==== Provided records ====

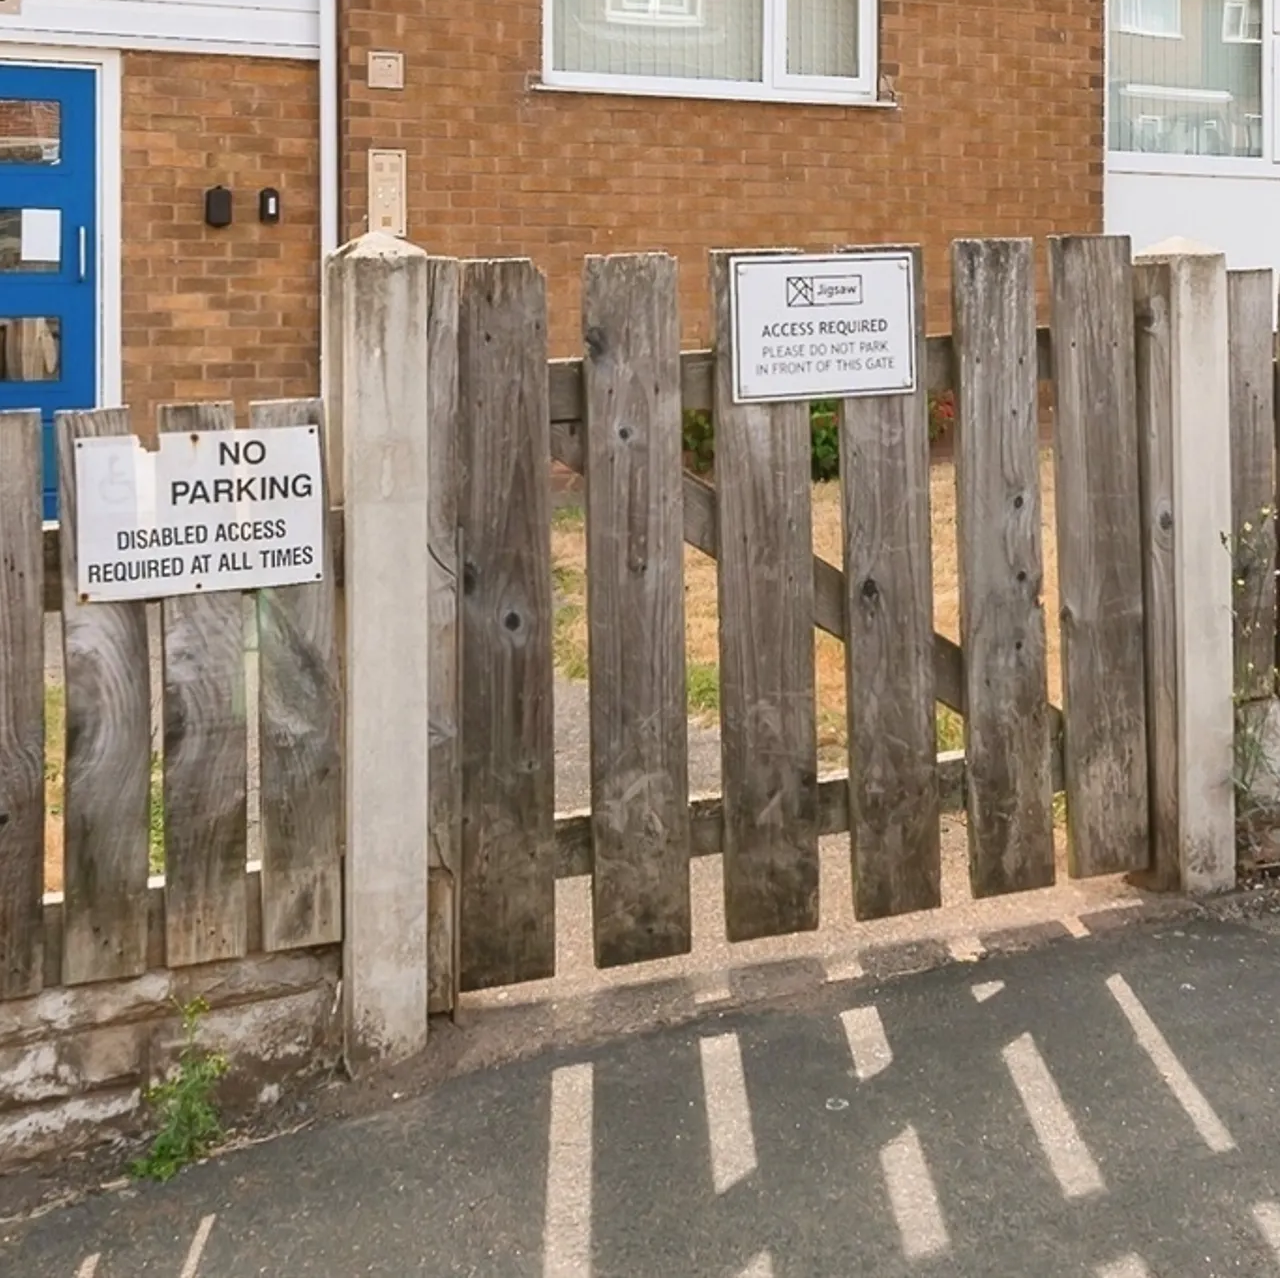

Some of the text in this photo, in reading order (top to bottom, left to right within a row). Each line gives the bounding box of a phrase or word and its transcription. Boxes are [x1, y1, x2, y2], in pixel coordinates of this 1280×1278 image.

[816, 283, 858, 298] Jigsaw
[761, 318, 889, 338] ACCESS REQUIRED
[762, 339, 889, 358] PLEASE DO NOT PARK
[755, 356, 896, 376] IN FRONT OF THIS GATE
[219, 440, 266, 466] NO
[171, 473, 313, 506] PARKING
[117, 519, 287, 550] DISABLED ACCESS
[88, 545, 314, 583] REQUIRED AT ALL TIMES

====

[Task item]
A word-for-word copy of the entries is needed, with no pictures in it.

[Solution to this exercise]
Some of the text in this photo, in reading order (top to bottom, left to right within a row). Each line gives the bounding box of a phrase or word and its transcription. Boxes are [x1, y1, x2, y2], in pixel coordinates of this 1280×1278 image.

[816, 283, 858, 298] Jigsaw
[761, 318, 889, 338] ACCESS REQUIRED
[762, 339, 889, 358] PLEASE DO NOT PARK
[755, 356, 896, 376] IN FRONT OF THIS GATE
[219, 440, 266, 466] NO
[171, 473, 313, 506] PARKING
[117, 519, 287, 550] DISABLED ACCESS
[88, 545, 314, 583] REQUIRED AT ALL TIMES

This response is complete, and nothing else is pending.